今回は具体的にそれぞれの口腔習癖がどのような影響を及ぼすのか紹介します。
【母指吸引癖、おしゃぶりの常用、物(タオル、毛布、鉛筆、爪など)を噛む癖】
指しゃぶりを続けていると、「開咬」や「出っ歯」、「交叉咬合」などになることがあります。
これらの症状の現れ方は、指しゃぶりの期間や、回数、吸う強さ、指しゃぶりをしやすい顎の形をしていること(遺伝的要因)などによって個人差があります。また、おしゃぶりの常用や、もの(タオル、毛布、鉛筆、爪など)を噛む癖も、歯並びや顎の成長に悪影響を与えることがあるとされています。これらの癖は、3歳頃までならあまり問題ないとされていますが、4歳を過ぎても続いてしまうと歯並び、顎の成長に影響を及ぼすことが考えられています。

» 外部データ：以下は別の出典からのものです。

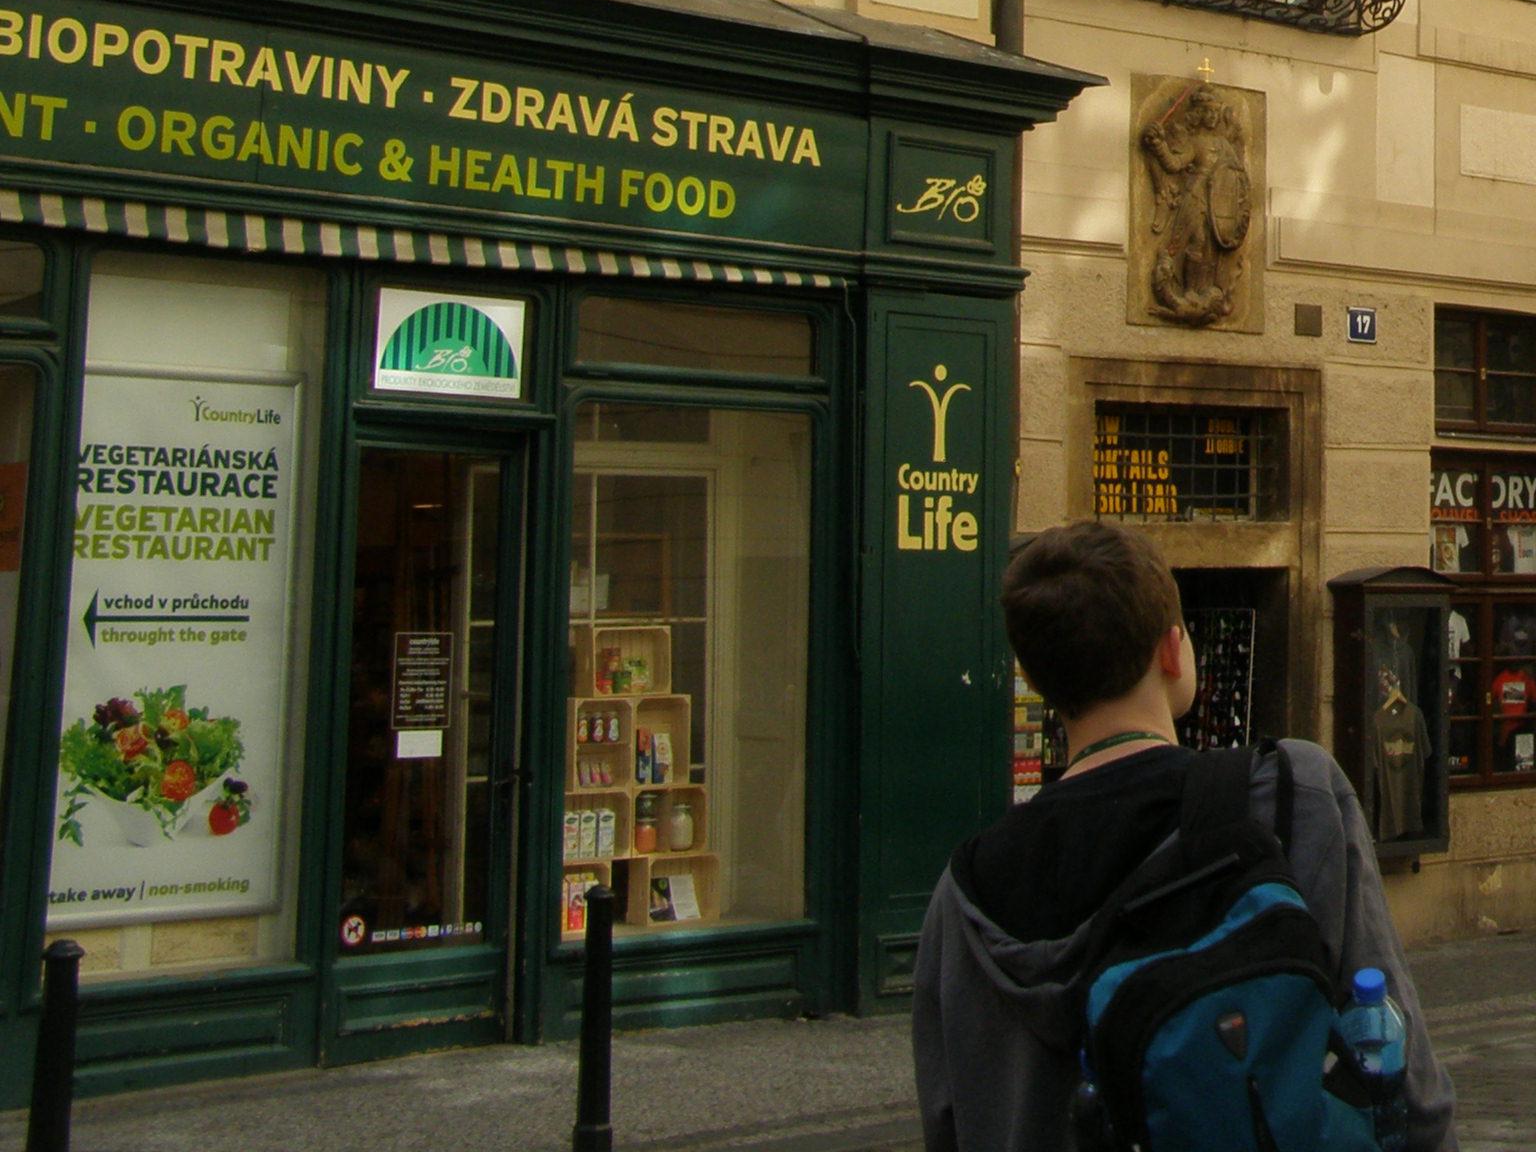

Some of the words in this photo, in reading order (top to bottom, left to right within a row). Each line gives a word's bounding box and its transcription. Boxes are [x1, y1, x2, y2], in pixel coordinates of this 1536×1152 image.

[0, 10, 410, 108] BIOPOTRAVINY
[449, 76, 640, 143] ZDRAVÁ
[652, 107, 821, 167] STRAVA
[117, 106, 363, 176] ORGANIC
[378, 139, 413, 182] &
[428, 145, 605, 205] HEALTH
[619, 170, 737, 219] FOOD
[1356, 314, 1371, 335] 17
[78, 444, 279, 471] VEGETARIÁNSKÁ
[77, 468, 278, 498] RESTAURACE
[898, 463, 979, 494] Country
[75, 504, 275, 534] VEGETARIAN
[898, 494, 978, 551] Life
[74, 534, 275, 561] RESTAURANT
[104, 594, 154, 609] vchod
[159, 598, 168, 609] v
[172, 593, 249, 612] průchodu
[102, 627, 175, 645] throught
[179, 627, 207, 642] the
[210, 629, 247, 645] gate
[50, 888, 88, 904] take
[91, 886, 136, 902] away
[149, 877, 250, 896] non-smoking
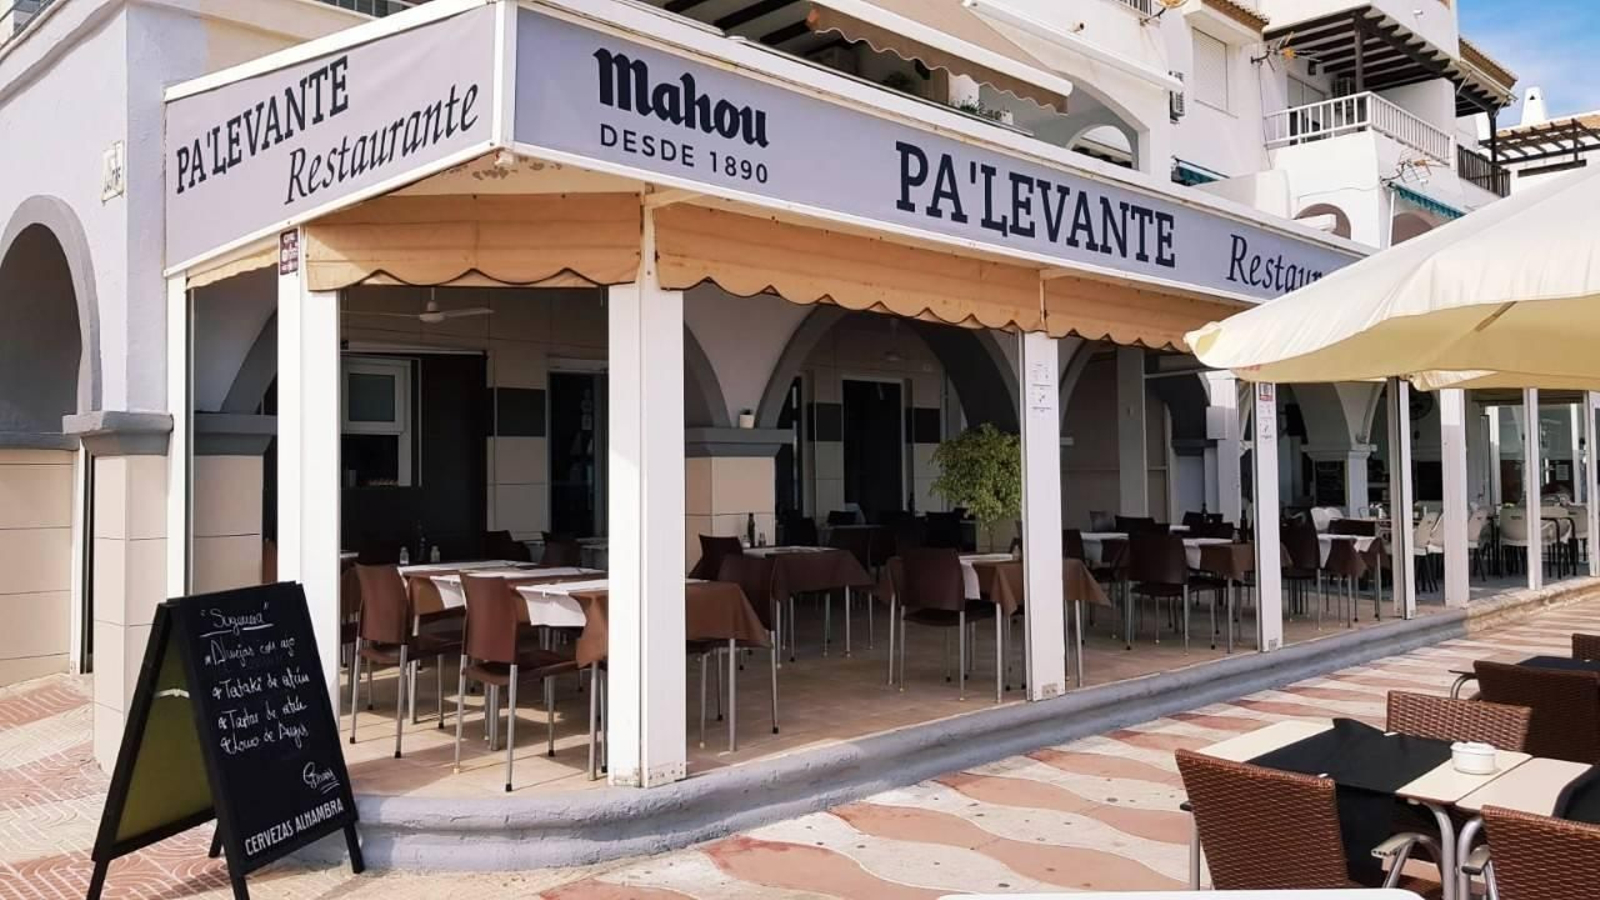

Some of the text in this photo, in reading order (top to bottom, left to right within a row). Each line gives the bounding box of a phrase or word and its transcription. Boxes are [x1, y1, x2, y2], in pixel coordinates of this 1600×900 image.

4歳以降も続く場合は積極的に止めさせる方が良いでしょう。
【舌突出癖(舌を前に出す癖)】
口を開けて上下前歯の間に舌を挟んだり、歯を舌で裏側から押しつけたりする癖を、舌突出癖と言います。
口呼吸や指しゃぶりを長く続けていると、開咬や出っ歯、受け口などになることがあります。
この癖を行うと舌の先端がやや前方で低い位置にあるため、歯の間から舌が見え隠れしたり、発音が不明瞭になったり、食べる時に音を立ててしまったりするなど日常生活に影響が出ます。
【吸唇癖・咬唇癖(唇を吸う、咬む癖)】
吸唇癖・咬唇癖()はストレスによって起こったり、指しゃぶりの代わりに現れたりすると言われています。
この癖は、下の唇を噛んだり吸ったりすると出っ歯に、上の唇を噛んだり吸ったりすると受け口になることがあります。
【口呼吸】
口呼吸をしている人は、長時間お口を開けっぱなしの状態が続きます。
そのため、常に下顎と舌の位置が下がっている状態になり、お口の筋力や顎の成長・発育に悪い影響を与え、顎の幅が狭くなったり、前歯が出やすくなったりしてしまいます。また、口呼吸は、お口の中が乾燥して細菌が繁殖しやすくなり、虫歯や歯周病になりやすくなるだけでなく、体内に細菌が入りやすいために免疫力の低下の原因ともなります。
【態癖(日常生活の中で無意識に行ういろいろな癖)】
態癖は、頬杖、横向きに寝る、うつぶせに寝る、食事の際に左右どちらかで噛む、テレビを見る時の姿勢などがあります。
これらを続けていると、針金やゴムの力で歯を動かす歯列矯正よりも強い力が作用し、歯列が乱れて噛み合わせが悪くなることがあります。
態癖は意識して改善すると良いでしょう。
【不正咬合について】
不正咬合とは、歯並びや噛み合わせが悪い状態のことを言います。口腔習癖が原因で不正咬合となる場合の主な歯並びは以下です。
・開咬:奥歯を噛んだ時に上下の歯が開いて噛み合わない状態
・交叉咬合:上あごの歯列の幅が狭くなって上下の奥歯の噛み合わせがハサミのようにズレて噛み合わない状態
・出っ歯(上顎前突):上の前歯や上あごの歯全体が前に出ている状態
・受け口(下顎前突):下の歯が上の歯よりも前に出ている状態
⇧左から 『開咬』、『交叉咬合』、『出っ歯』、『受け口』
このように口腔習癖を続けていると、歯並びや顎の成長に悪影響を及ぼすことがあります。
ご自身やお子様にこのような癖や習慣がみられる場合は、止めた方がいい理由を探し、説明してできるだけ自分自身で止めたいと思えるようになることが大切です。